Yes. The trustee is the registrant of record and provides accurate WHOIS data in their own name. The underlying private contract with the actual website operator is outside ICANN's scope. As of May 2026 no ICANN policy or notable national regulator has challenged this model, and Nevis-based and Icelandic trustees remain the strongest options for users prioritising legal robustness.

Can I use a fake name to register a domain if I want true no-KYC?

No, and this is the trap to avoid. ICANN's accuracy specification gives registrars the right (and increasingly the duty) to suspend domains with verifiably false data. "No-KYC" means no identity-document upload, not false information. Using a real name with a real reachable email satisfies the rules; inventing a contact identity puts the domain at risk of suspension within weeks.

Do .eth and Handshake names count as domains under ICANN?

No. ENS .eth names and Handshake (HNS) names exist outside the ICANN root entirely. They are cryptographic ownership records on a blockchain and resolve only in browsers or resolvers that support those alt-roots (Brave, Opera, MetaMask, and HNSD or HNS DNS overlays). Their legality is governed by whatever jurisdiction the holder lives in, not by ICANN — and so far no major jurisdiction has restricted personal ownership.

What happens if a registrar later asks me to verify my identity?

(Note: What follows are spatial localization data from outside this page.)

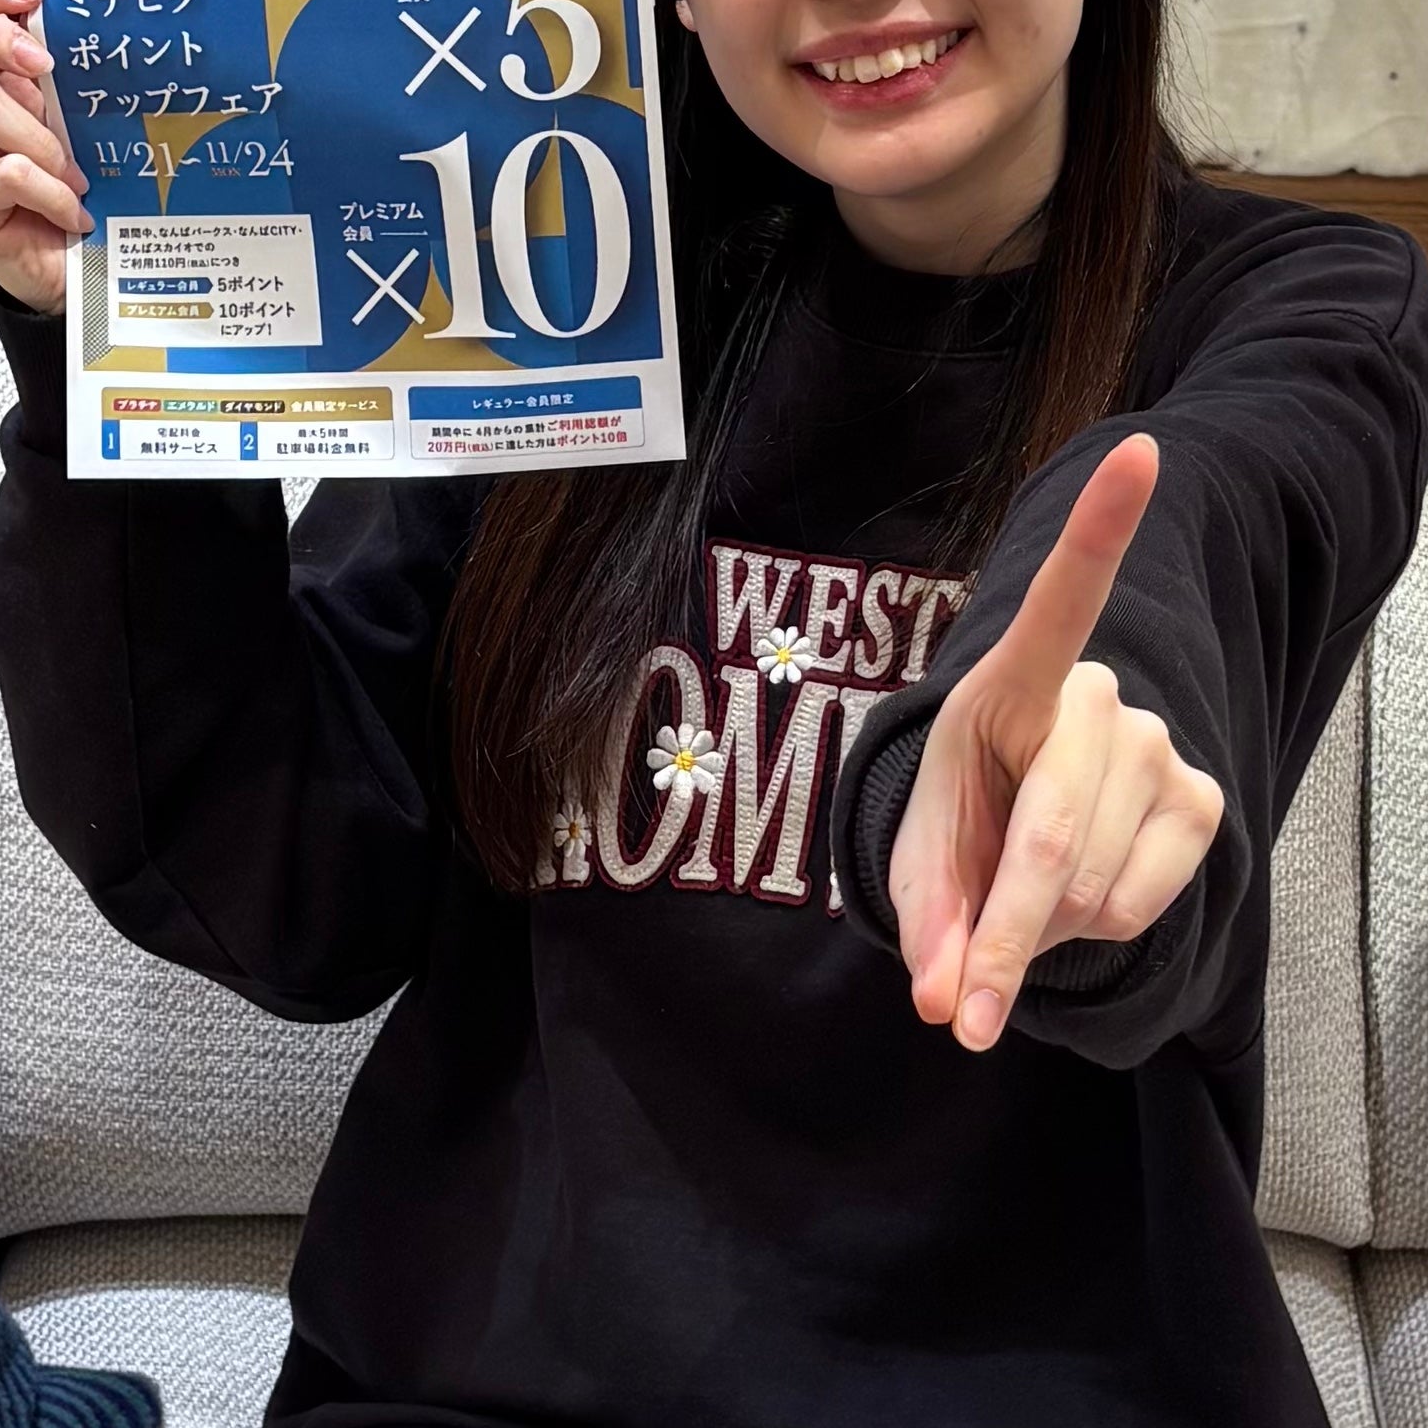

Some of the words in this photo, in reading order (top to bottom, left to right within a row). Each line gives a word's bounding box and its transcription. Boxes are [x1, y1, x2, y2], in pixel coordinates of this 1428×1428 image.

[68, 31, 203, 71] ポイント
[77, 82, 283, 118] アップフェア
[339, 201, 425, 221] プレミアム
[342, 225, 374, 242] 会員
[119, 242, 215, 254] なんばスカイオでの
[126, 280, 200, 292] レギュラー会員
[217, 276, 284, 293] 5ポイント
[126, 305, 201, 317] プレミアム会員
[218, 302, 296, 319] 10ポイント
[472, 393, 575, 410] レギュラー会員限定
[107, 432, 114, 450] 1
[140, 442, 218, 455] 無料サービス
[243, 433, 255, 451] 2
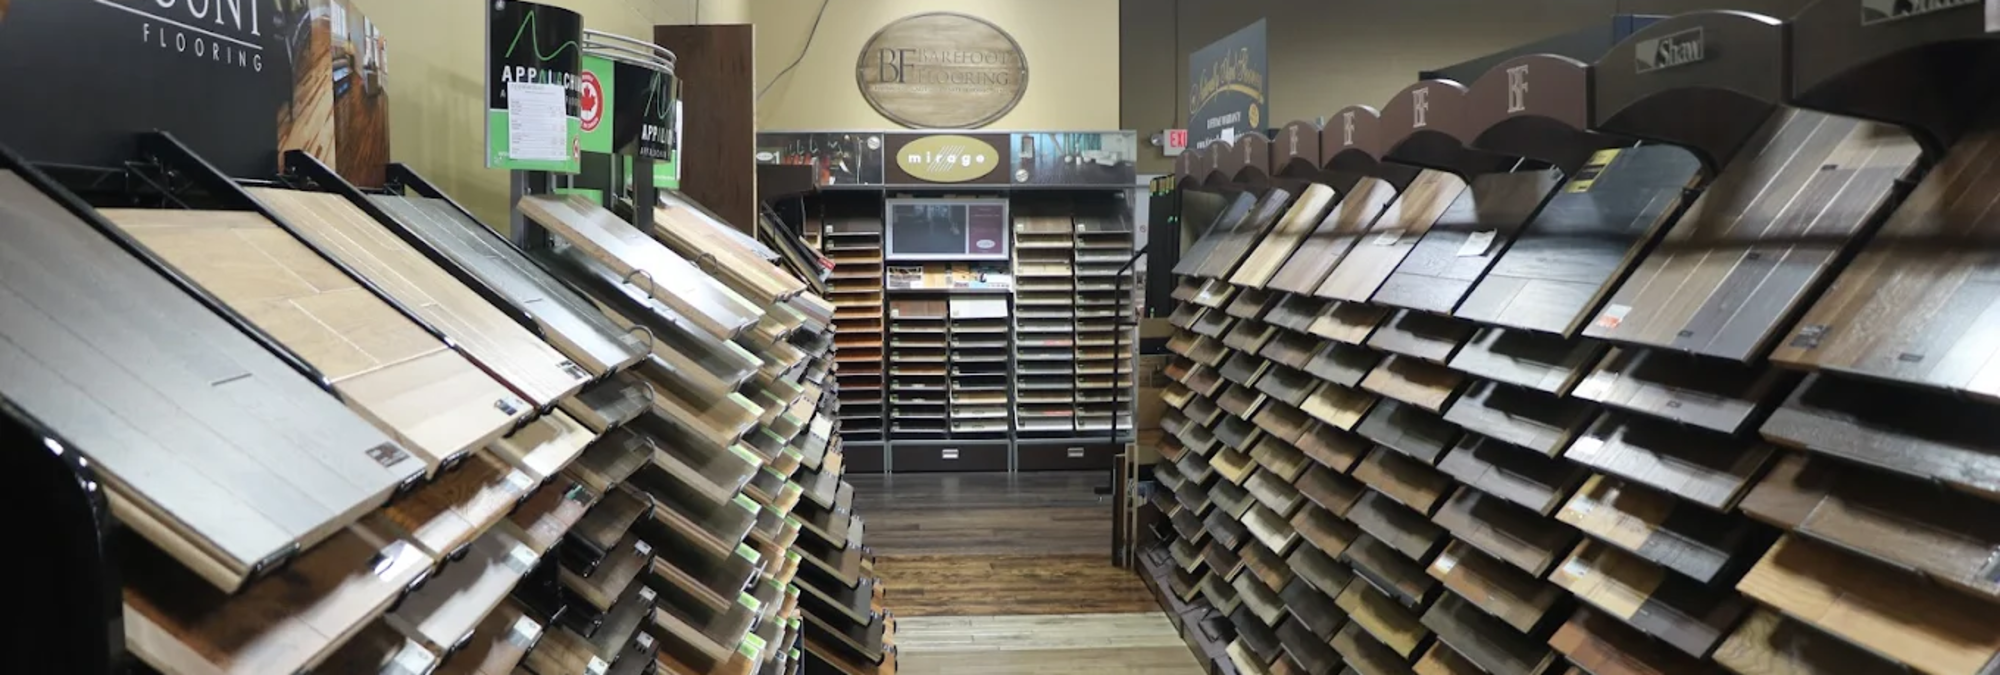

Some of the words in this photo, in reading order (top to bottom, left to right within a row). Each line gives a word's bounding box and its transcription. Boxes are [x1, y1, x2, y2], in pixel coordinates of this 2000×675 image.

[143, 23, 262, 72] FLOORING
[918, 47, 1010, 65] BAREFOOT
[1659, 37, 1702, 68] Shaw
[879, 47, 917, 84] BF
[918, 69, 1010, 86] FLOORING
[1507, 64, 1529, 113] BF
[1412, 86, 1430, 128] BF
[1170, 130, 1188, 148] EXI
[908, 150, 985, 168] mirage
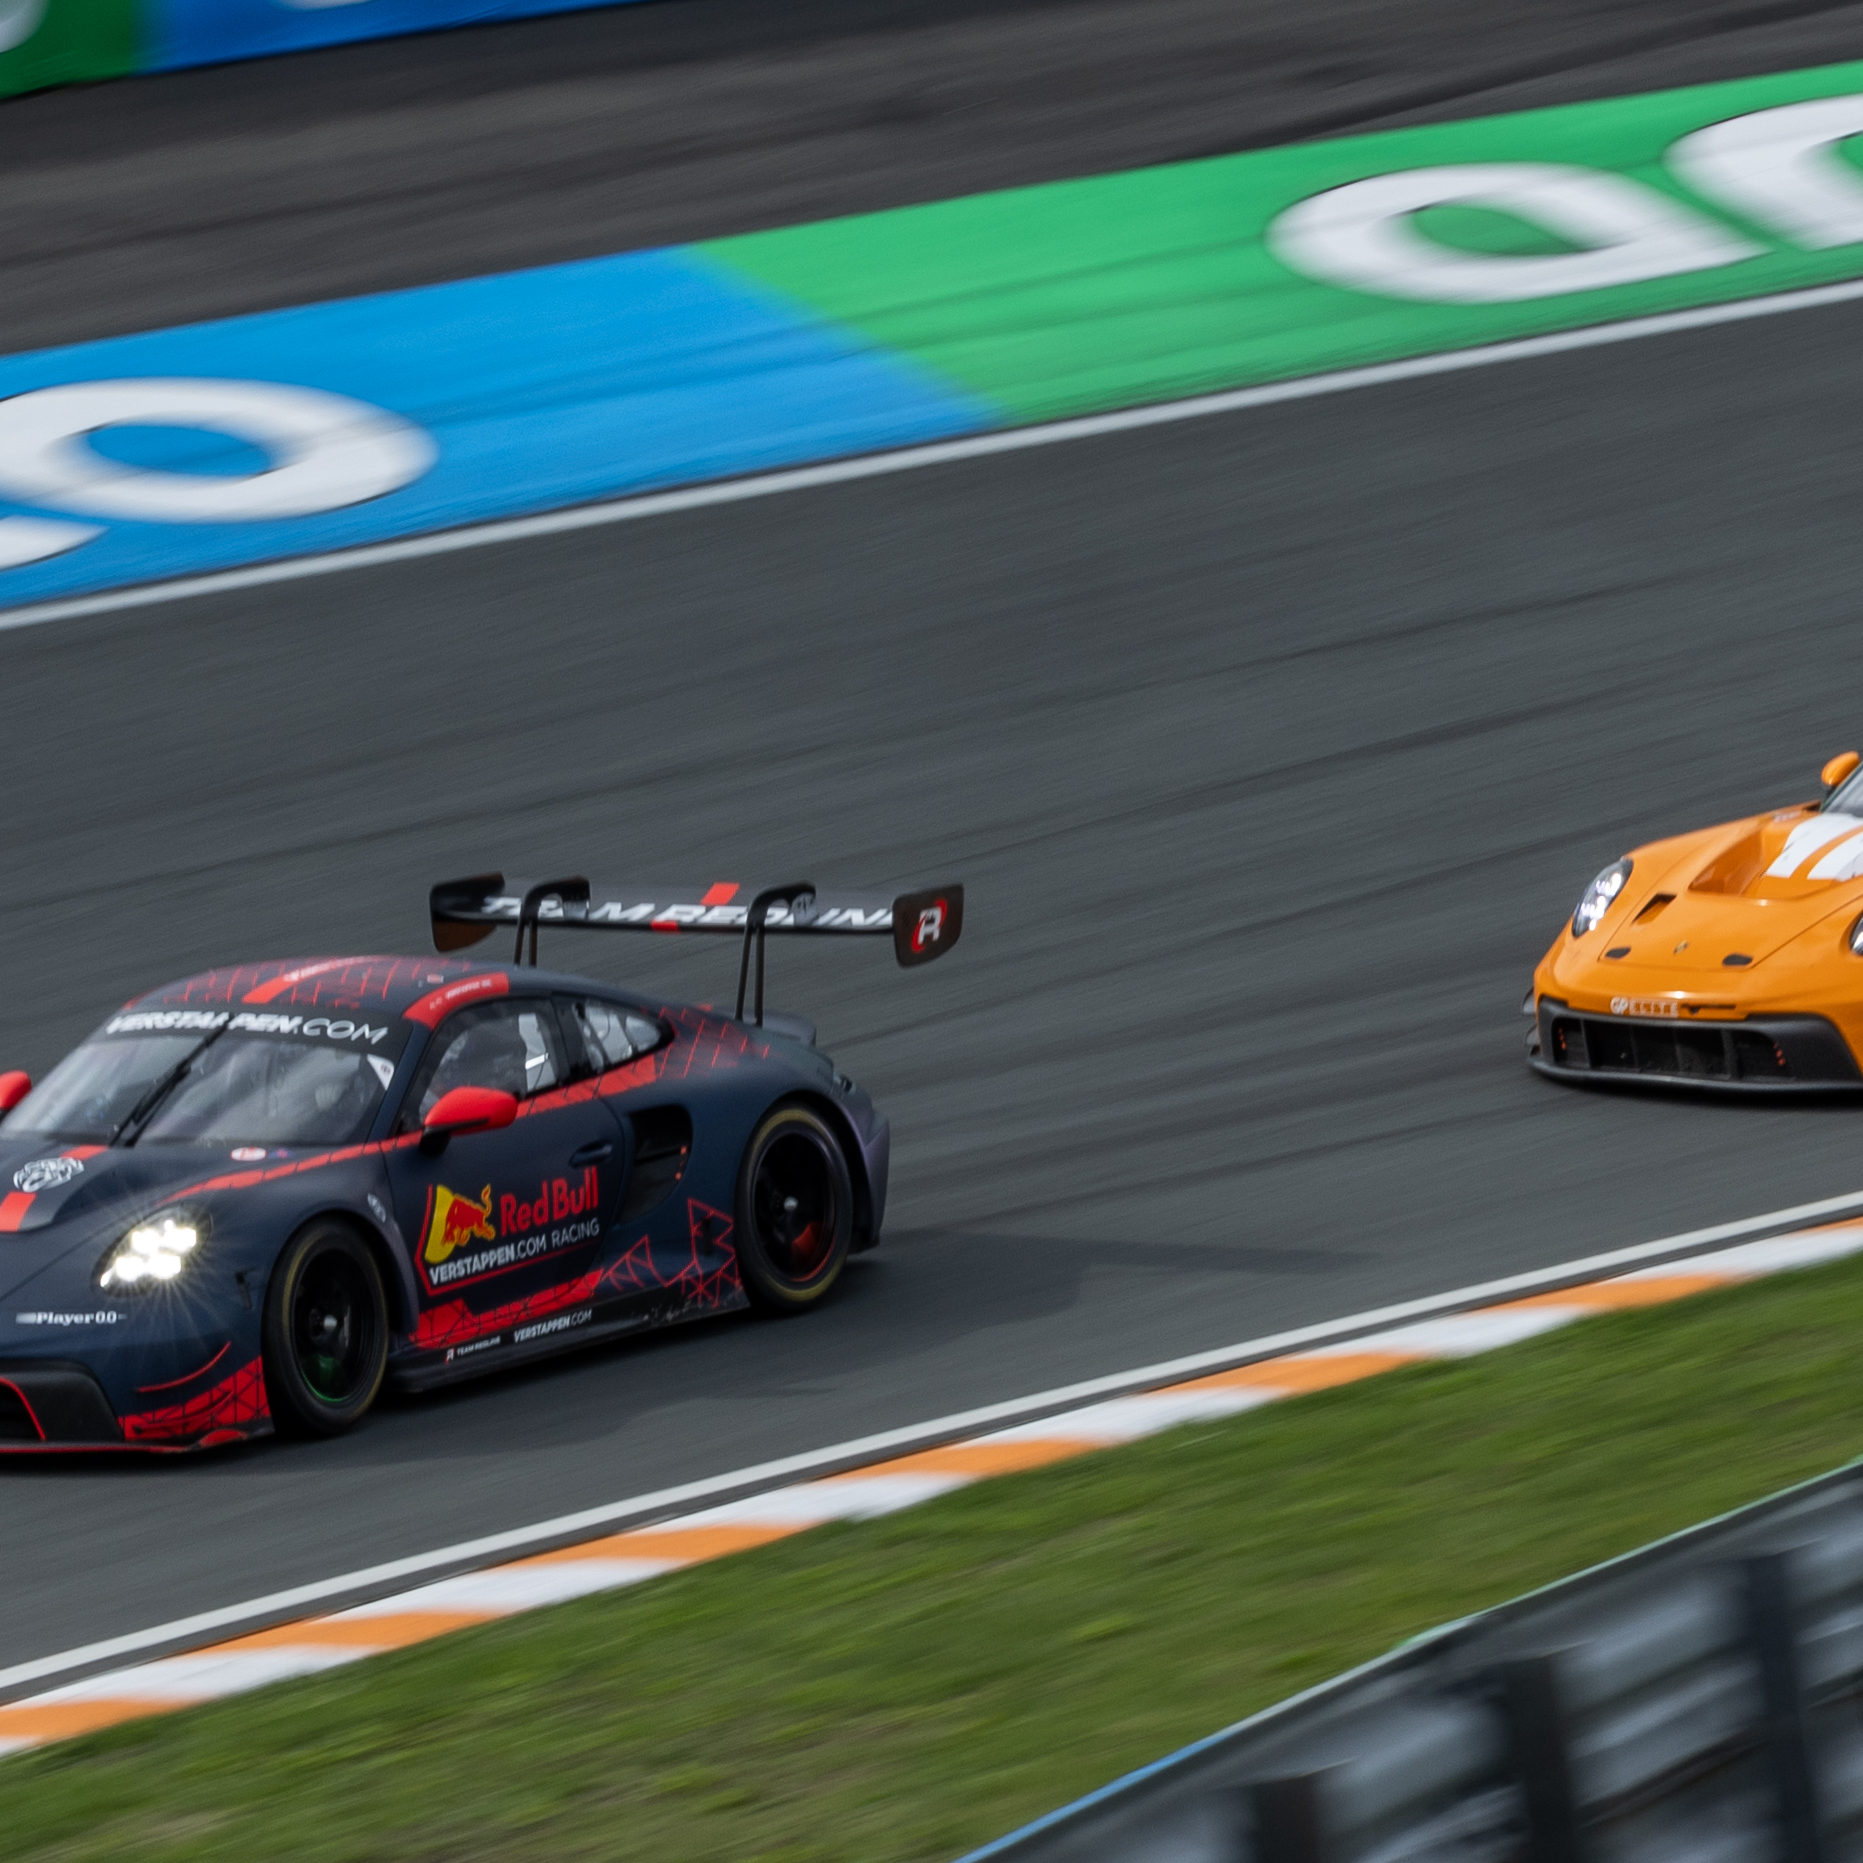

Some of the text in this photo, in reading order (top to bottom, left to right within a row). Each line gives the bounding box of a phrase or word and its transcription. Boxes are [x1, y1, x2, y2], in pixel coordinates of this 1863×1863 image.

[652, 902, 893, 926] REDIN
[106, 1010, 389, 1045] VERSTAPPEN.COM
[500, 1165, 599, 1236] Red Bull
[429, 1217, 600, 1285] VERSTAPPEN.COM RACING
[513, 1308, 592, 1343] VERSTAPPEN.COM
[456, 1344, 474, 1357] TEAM

Under the 2026 framework, a registrar may request reachability re-verification — confirm your email by clicking a link, answer a phone-validation call, or update a stale address. This is contractually allowed. They may also escalate to require ID if they have a specific abuse signal against your domain. If you registered with accurate data on a compliant registrar and have no abuse history, you can usually clear verification without any document upload.

Is paying with Monero treated as suspicious by registrars in 2026?

Not at registrars that already accept it. Njalla, 1984 Hosting, OrangeWebsite, and several smaller European and Asian providers have accepted XMR for years and treat it as a regular payment method. At fiat-only or BTC-only registrars, you would simply convert through a service like MoneroSwapper to the supported coin. The conversion itself is not flagged anywhere as long as you use a non-custodial, no-account swap.

Conclusion

No-KYC domain registration remains legal under ICANN 2026 — provided you understand what "no-KYC" actually means. It is not the right to provide false information; it is the freedom to register accurately without uploading identity documents that ICANN's contracts have never required. The 2024-2025 round of policy tightening targeted data accuracy and abuse take-down, not financial KYC. The registrars listed above let you stay fully within the rules while keeping your real-world identity off the registrar's hard drive and off the public WHOIS.

For the payment leg, Monero remains the cleanest path, and a no-account swap through MoneroSwapper lets you fund a domain registration without ever opening an exchange account. Whether you are protecting a personal blog, running a research project, or simply prefer to keep your hosting and identity in separate boxes, the 2026 framework still leaves the door open — you just have to know which door to walk through.